The EU farm chief proposed giving farmers euro150 million ($219 million) in compensation Tuesday to help those slammed by plunging demand for produce amid the world's deadliest E. coli outbreak.
Farm Commissioner Dacian Ciolos said EU agriculture ministers were considering whether farmers can recoup from EU coffers up to 30 percent of the value of vegetables that cannot be sold because of the E. coli outbreak that has killed 24 people and infected over 2,400.
EU farmers outside northern Germany, where the crisis is located, have been livid that prices for their crops have plummeted after being erroneously blamed for the contamination crisis.
"We propose euro150 million. We will obviously see what we get," Ciolos said at a meeting Tuesday in Brussels.
The figure roughly translates to the 30 percent compensation, but EU nations were expected to haggle over the details for several hours. An agreement in principle on the aid was expected later in the day.
Spain and France, traditional vegetable producers, insisted it would not be enough. "No, Spain does not see it as sufficient," Spanish Agriculture Minister Rosa Aguilar said.
Aguilar said that Spain and a number of other countries had met and drawn up a document proposing a list be made of the products affected and farmers be given between 90 percent and 100 percent of the market price.

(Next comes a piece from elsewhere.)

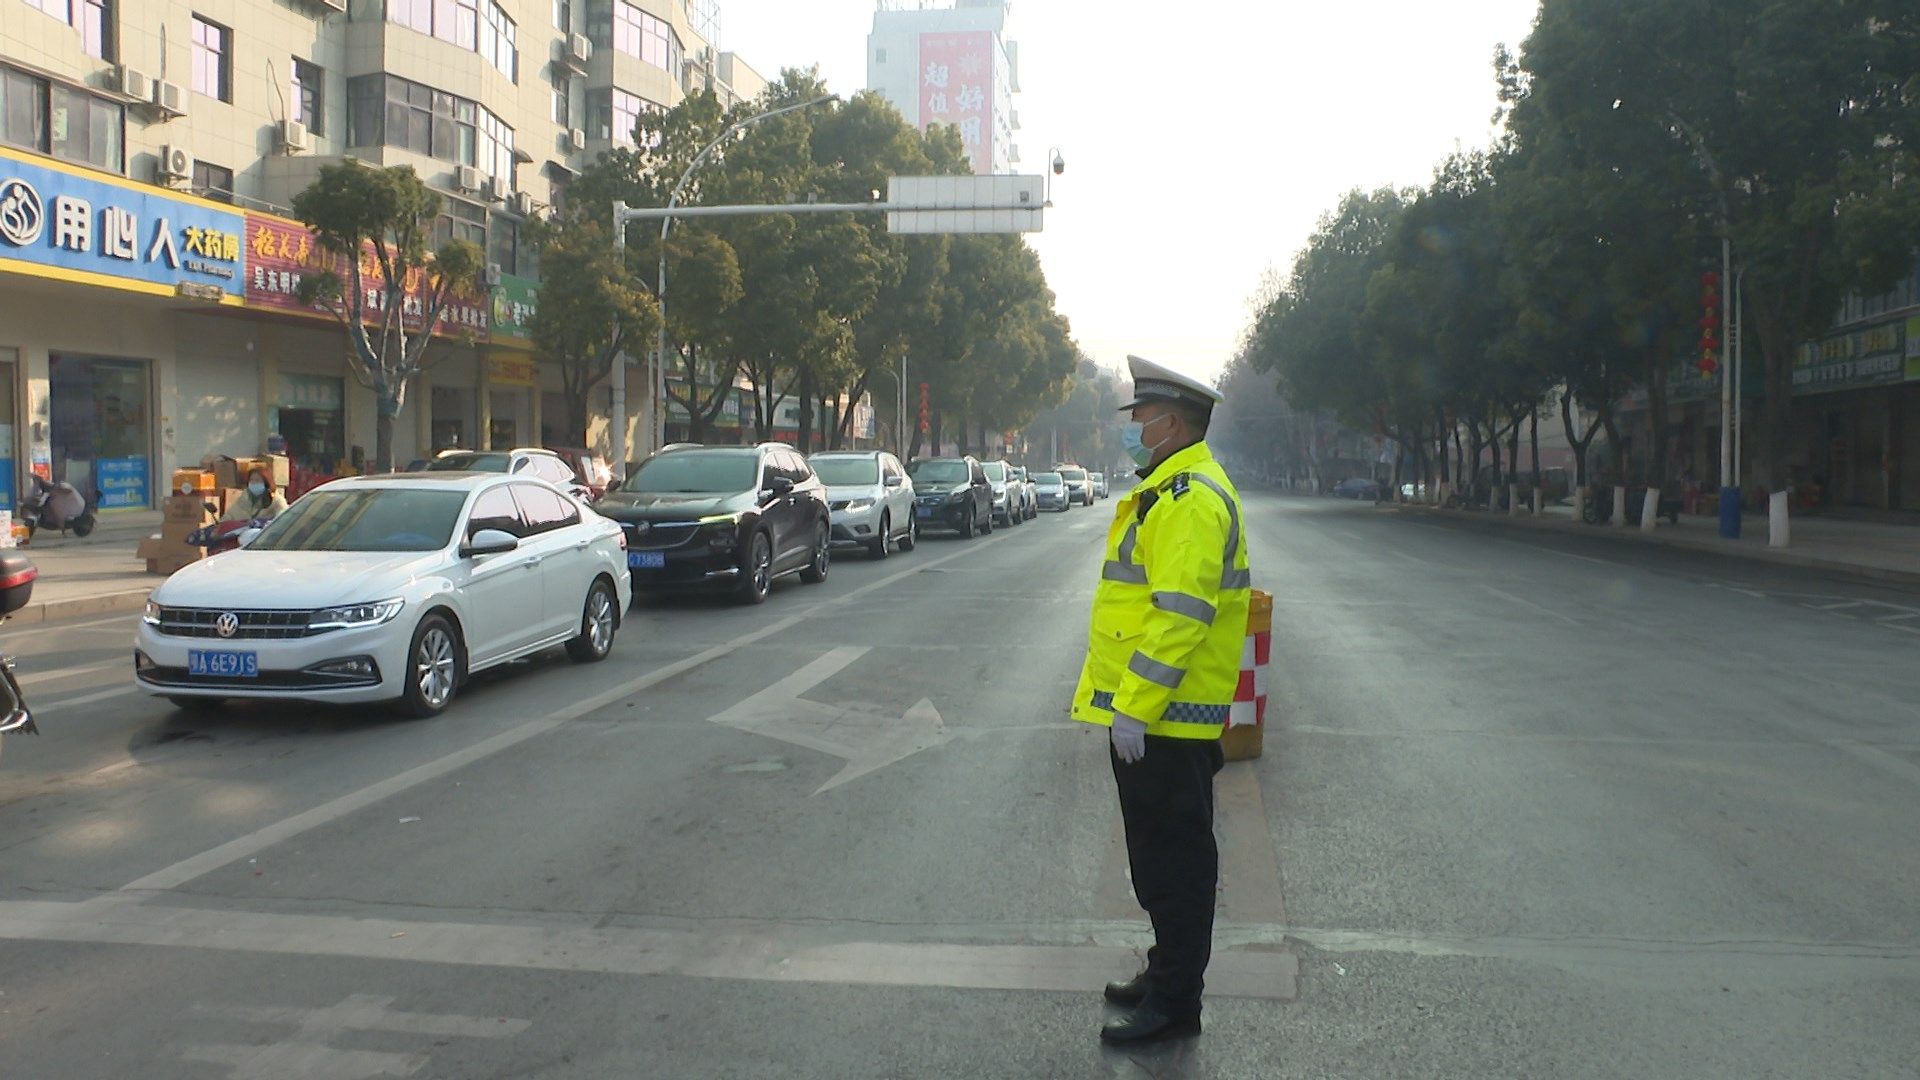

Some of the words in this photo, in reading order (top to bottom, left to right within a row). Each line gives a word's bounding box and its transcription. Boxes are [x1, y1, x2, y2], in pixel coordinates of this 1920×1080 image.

French Farm Minister Bruno Le Maire backed her.
Since this was a farm meeting, there was no discussion of compensation for victims. EU farmers have a strong lobby, both in their home nations and in Brussels, and about 35 percent of the entire EU budget already flows to them in the form of subsidies and compensation payments.
The European farmers union COPA-COGECA painted a bleak picture when it compared vegetable prices this year to an average of the past five years. In a letter to EU leaders, the group said cucumber prices have fallen to 5 euro cents each from 21 cents, tomato prices have sunk from 60 cents to 13 cents a kilogram (2.2 pounds), and lettuce prices have plummeted from 70 cents to 5 cents.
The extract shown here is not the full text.